Dongtan, Masdar and North Port Quay - renewable city models for the future.

Dongtan. . . "It is designed to be a beautiful and truly sustainable city with a minimal ecological footprint. The goal is to use Dongtan as a template for future urban design. As China is planning to build no less than 400 new cities in the next twenty years, Dongtan's success is of crucial importance." — World Business Council of Sustainable Development

Dongtan is a new Chinese city near Shanghai which is designed to use 100% renewable energy in its buildings, it will be self-sufficient in water and food sourced from the surrounding farmland, and it will feature a zero-carbon public transport system powered entirely by renewable-energy. What happens to cars in the city is not yet clear. Energy plant will burn rice husks, normally just waste, near the city center and the energy will be generated on a decentralised model, using combined heat and power.

Masdar City in the United Arab Emirates is an important first example of a city built from scratch with 100% renewable energy and zero car use (in theory anyway). It is being built with a 60MW Solar PV plant to power all construction, and eventually a 130MW Solar PV plant for on-going power as well as a 20MW Wind farm and geothermal heat pumps for cooling buildings. Electric automatic pod cars on an elevated structure will be the basis of the transport.

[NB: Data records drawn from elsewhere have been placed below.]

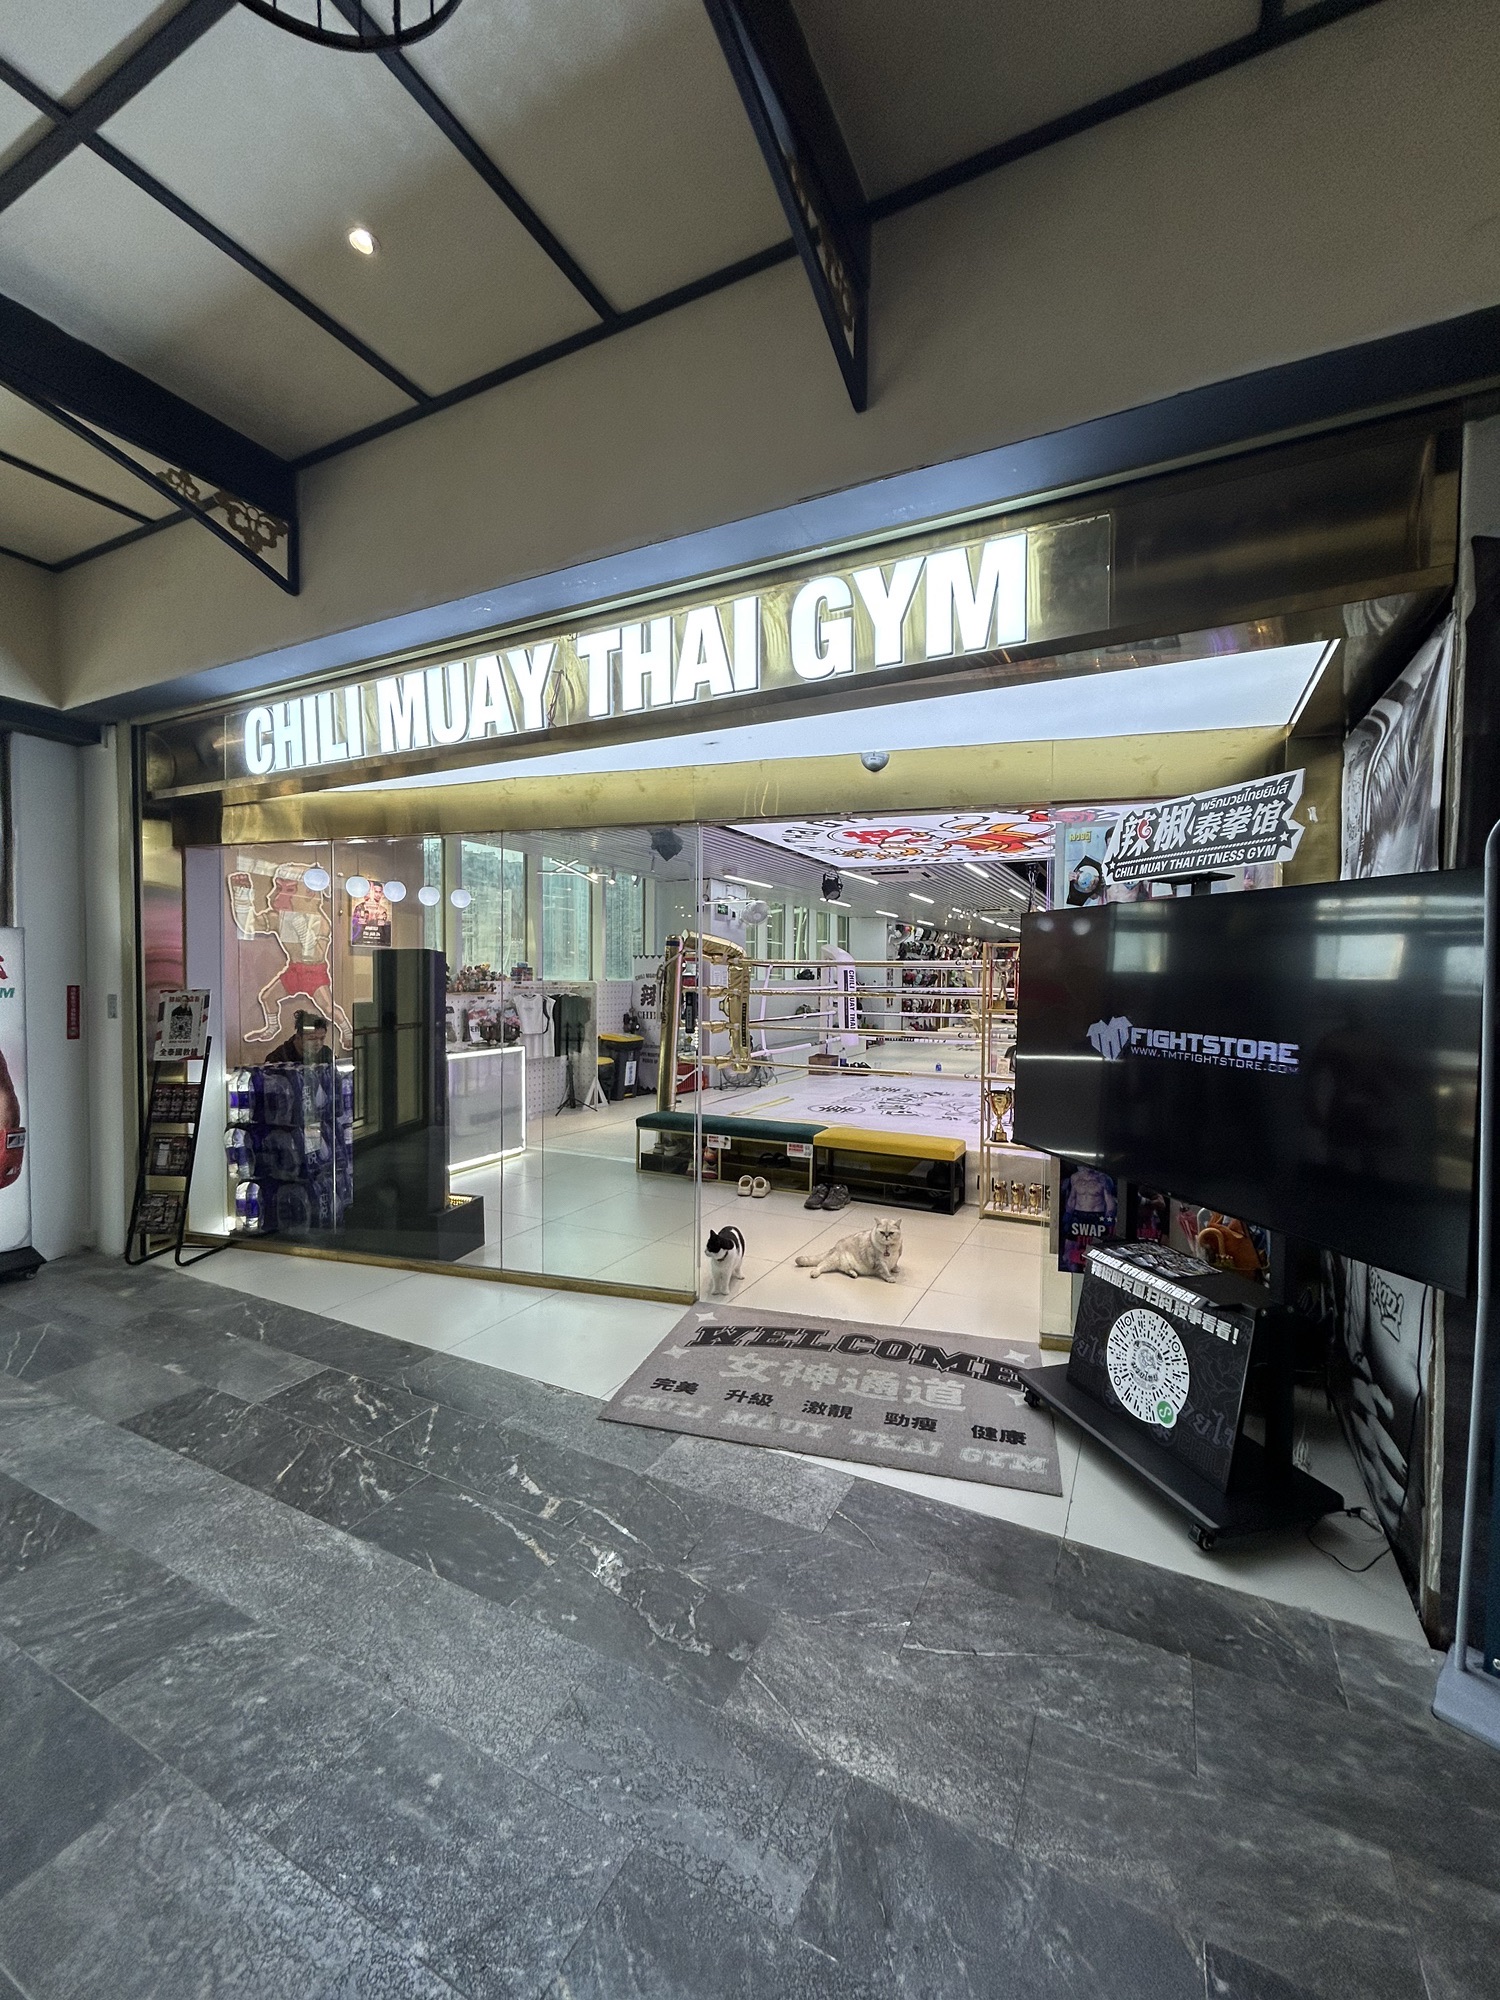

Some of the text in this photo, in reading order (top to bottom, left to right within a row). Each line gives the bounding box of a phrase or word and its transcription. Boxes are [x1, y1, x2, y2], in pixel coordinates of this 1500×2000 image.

[243, 533, 1029, 776] CHILI MUAY THAI GYM
[1192, 799, 1286, 845] 泰拳馆
[1114, 843, 1278, 879] CHILI MUAY THAI FITNESS GYM
[1131, 1027, 1300, 1065] FIGHTSTORE
[1071, 1222, 1106, 1237] SWAP
[683, 1325, 1027, 1392] WELCOME
[718, 1352, 967, 1412] 女神通道
[620, 1393, 711, 1419] CHILI
[849, 1427, 945, 1457] THAI
[959, 1446, 1049, 1475] GYM
[649, 1377, 698, 1396] 完美
[724, 1389, 774, 1408] 升級
[884, 1411, 938, 1433] 勁瘦
[971, 1423, 1027, 1446] 健康

North Port Quay in Western Australia will be home to 10,000 households and is designed to be 100% renewable through solar PV, small wind turbines called wind pods and a nearby wave power system. The development will be dense and walkable with an all-electric transport system featuring electric public transport and electric private transport all linked to the renewable power through battery storage in the vehicles (see Went, Newman and James, 2008).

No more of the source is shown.